Padding or the Point?
I’m the kind of reader who, having once started a book, feels an almost-moral sense of compulsion to finish the book, even if I’m not enjoying it or benefiting from it. But today, I took the plunge. I decided to stop reading a book that I was at least two-thirds of the way through. Yes, part of me insists that it wouldn’t take me long to finish the thing and so maybe I should. But there really isn’t any should about it. Life is short. It’s time to put some books away.
But what was so bad about this book? In a sense, nothing. The book itself was innocuous, a mildly helpful book on the importance of thankfulness, which is certainly a subject I could benefit from. And the book had some good things to say. So why am I giving up on it now?

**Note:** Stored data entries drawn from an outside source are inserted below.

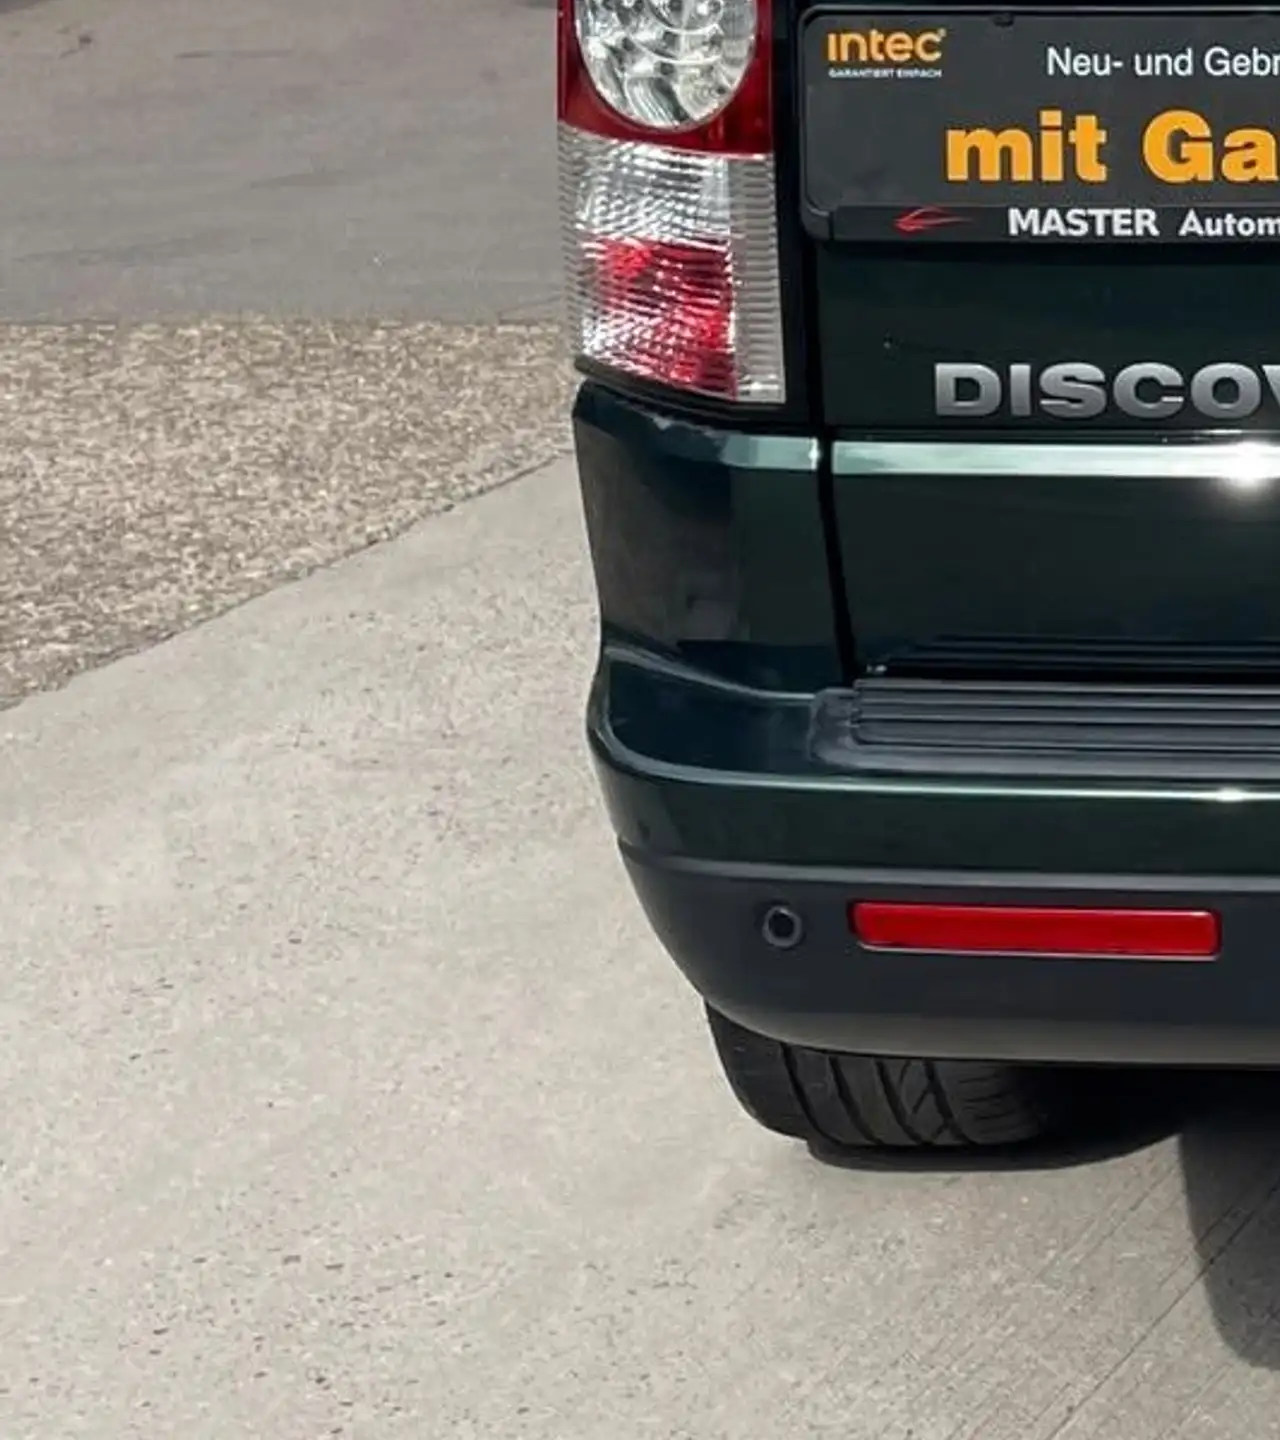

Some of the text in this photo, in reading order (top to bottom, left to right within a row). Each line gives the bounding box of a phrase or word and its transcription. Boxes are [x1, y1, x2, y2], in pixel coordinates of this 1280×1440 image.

[827, 29, 943, 63] intec
[1046, 46, 1124, 77] Neu-
[1133, 46, 1194, 77] und
[945, 110, 1108, 183] mit
[1007, 207, 1160, 238] MASTER
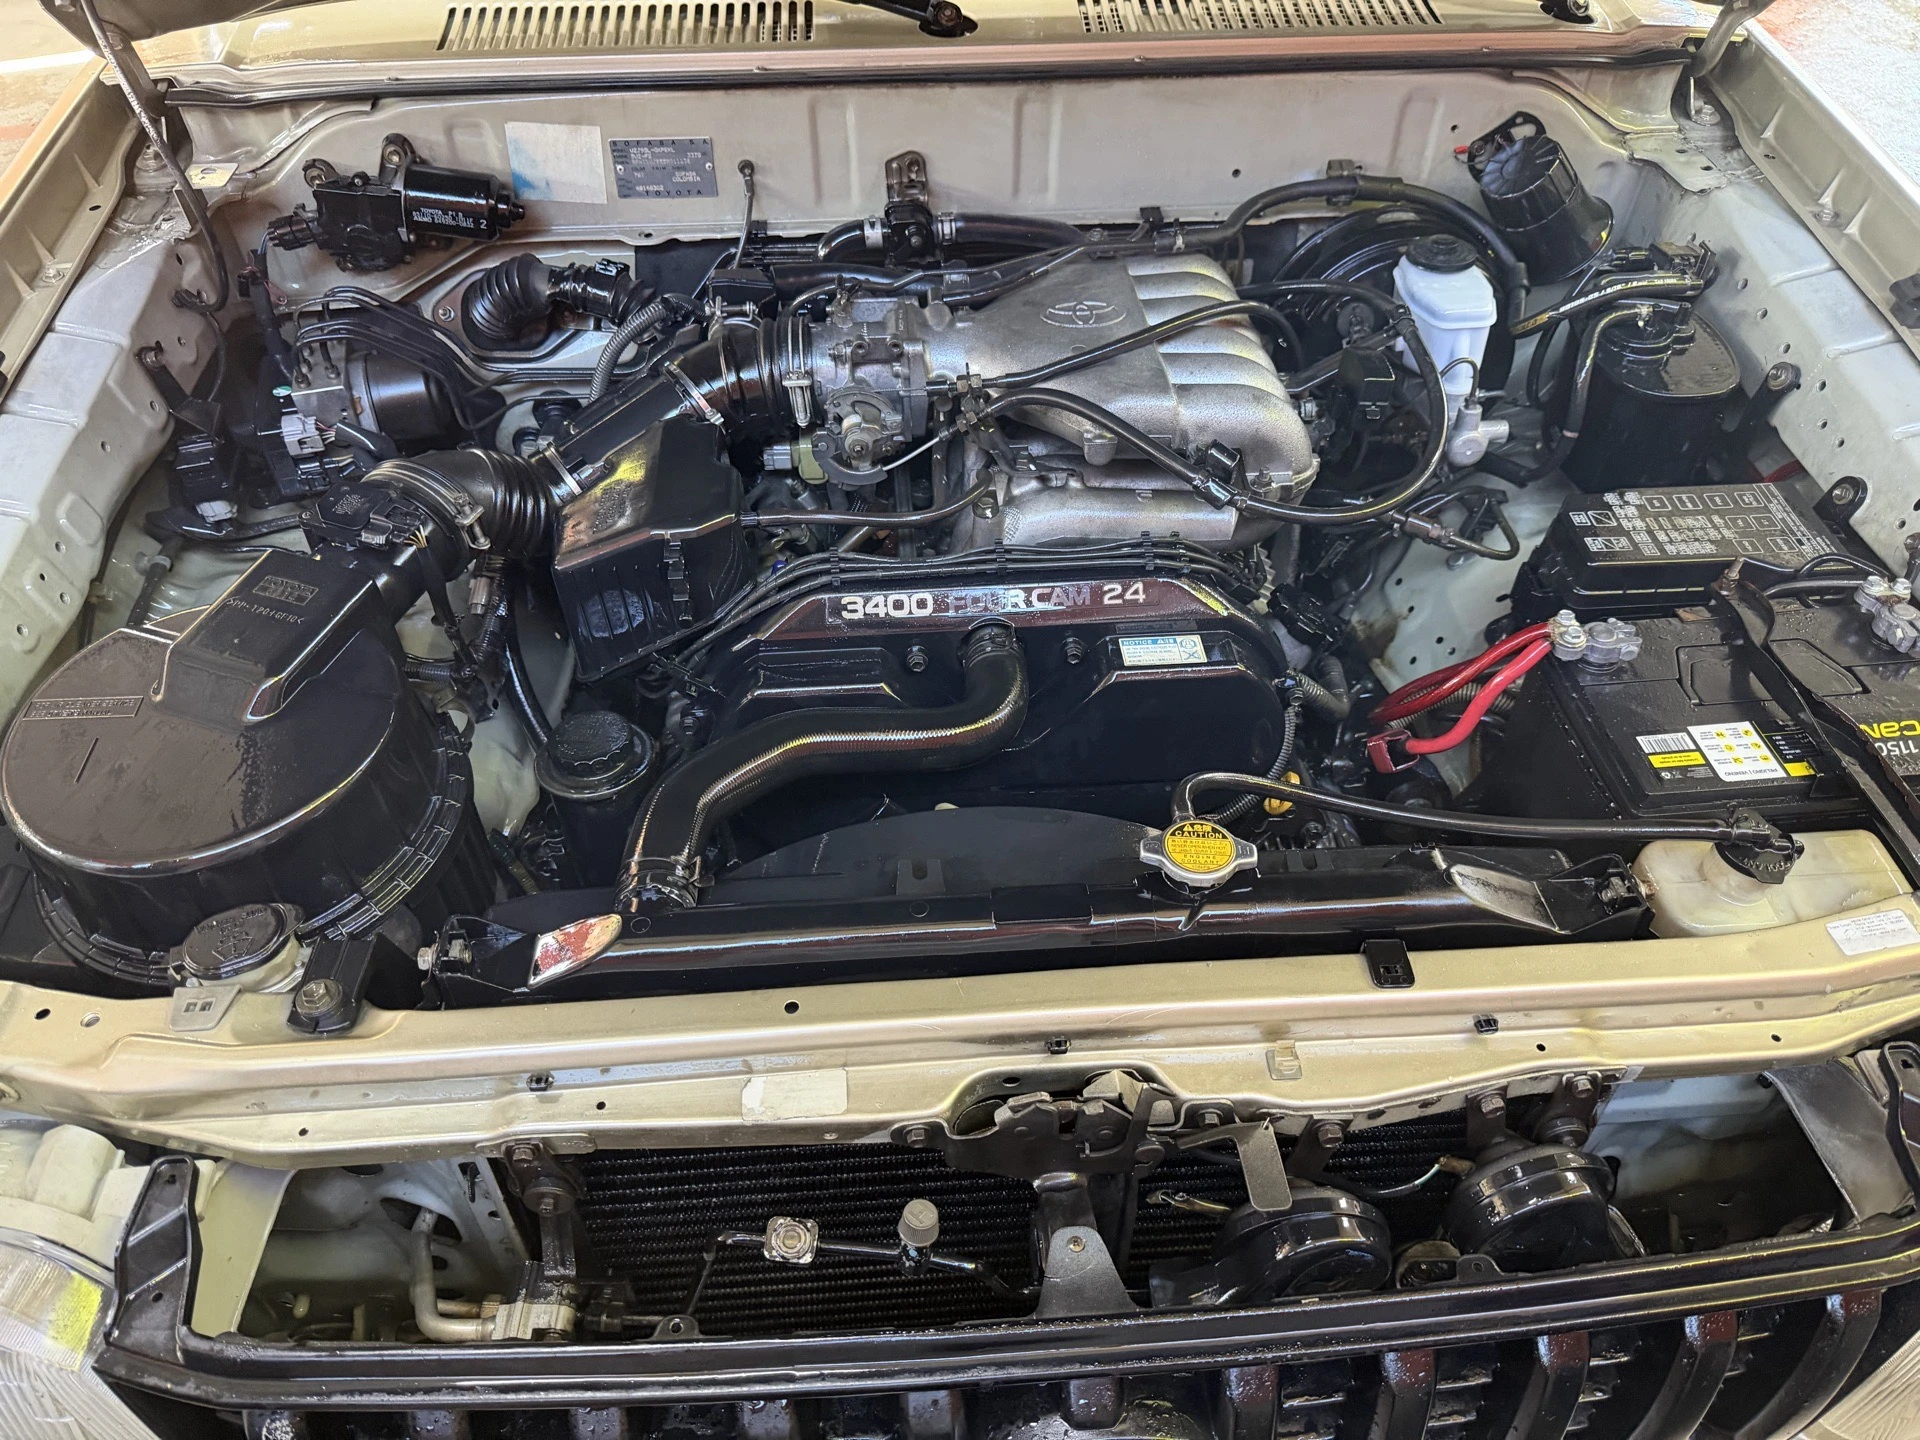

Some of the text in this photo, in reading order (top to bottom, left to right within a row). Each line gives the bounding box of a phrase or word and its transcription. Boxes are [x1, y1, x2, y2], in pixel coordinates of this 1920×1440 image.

Because most of the book strikes me as padding. Yes, there are good things here and there, but I have the feeling that they could all have been summed up in, well, a medium-length essay instead of a book. To make the thing book-length, numerous illustrations and stories have been added, a few of which are quite helpful but many of which seem unnecessary.
Here’s an example of the kind of thing I mean, which I’ve made up for this occasion. Suppose an author says something like: “The Christian life is difficult.” Suppose then that the author goes on to tell the story of a classical pianist, tacking an extremely difficult piece. Suppose that story goes on for a page, maybe even two or three pages, describing how the pianist had to practice, how she failed to master the piece, how she had to work at it for years until finally she had trained herself well enough so that, at last, she could play it … and even then found it extremely taxing. All of that to make what point? Well, no point, really. It was all just an illustration of what it means for something to be difficult.
That’s the kind of thing I found in the book I was reading and it’s why I’m closing the covers. It’s padding, not an illustration that really helps make the point.
September 5th, 2012 at 6:58 pm
I have also found myself thinking that what I was reading could have been said in far fewer words. Which is extra annoying for me because I am a slow reader. I feel the author doesn’t respect my time if he adds superfluous words.
September 21st, 2012 at 1:50 pm
I too am a reader that feels a nearly moral obligation to complete a book once I have read past the introduction. And I have had the same emotion described by Tim welling up within me if the author has “padded” their book (as though they were being paid by the page) unnecessary illustrations and stories, wasting some of the time which I feel is valuable even if the author does not. Someone who uses many metaphors, stories, illustrations, etc., in their writing but to opposite effect is C.S. Lewis. He makes his point very clearly and pointedly in his arguments to the point where one thinks, “yeah, this guy is absolutely right and at some level, I’ve always known this to be true but never yet consciously…”. And then he injects not “an” illustration but “the” illustration, and fireworks go off in your mind and spirit and you “get it” down to a whole new depth. None of his illustrations or stories are ever more than two or three sentences long and, so far from being superfluous, they are the exactly right way of hammering home his point to the degree that, you may someday forget his illustration and you may even forget the particular point he was making but at a subconscious level, the truth he just imparted has now become part of your own mental filter.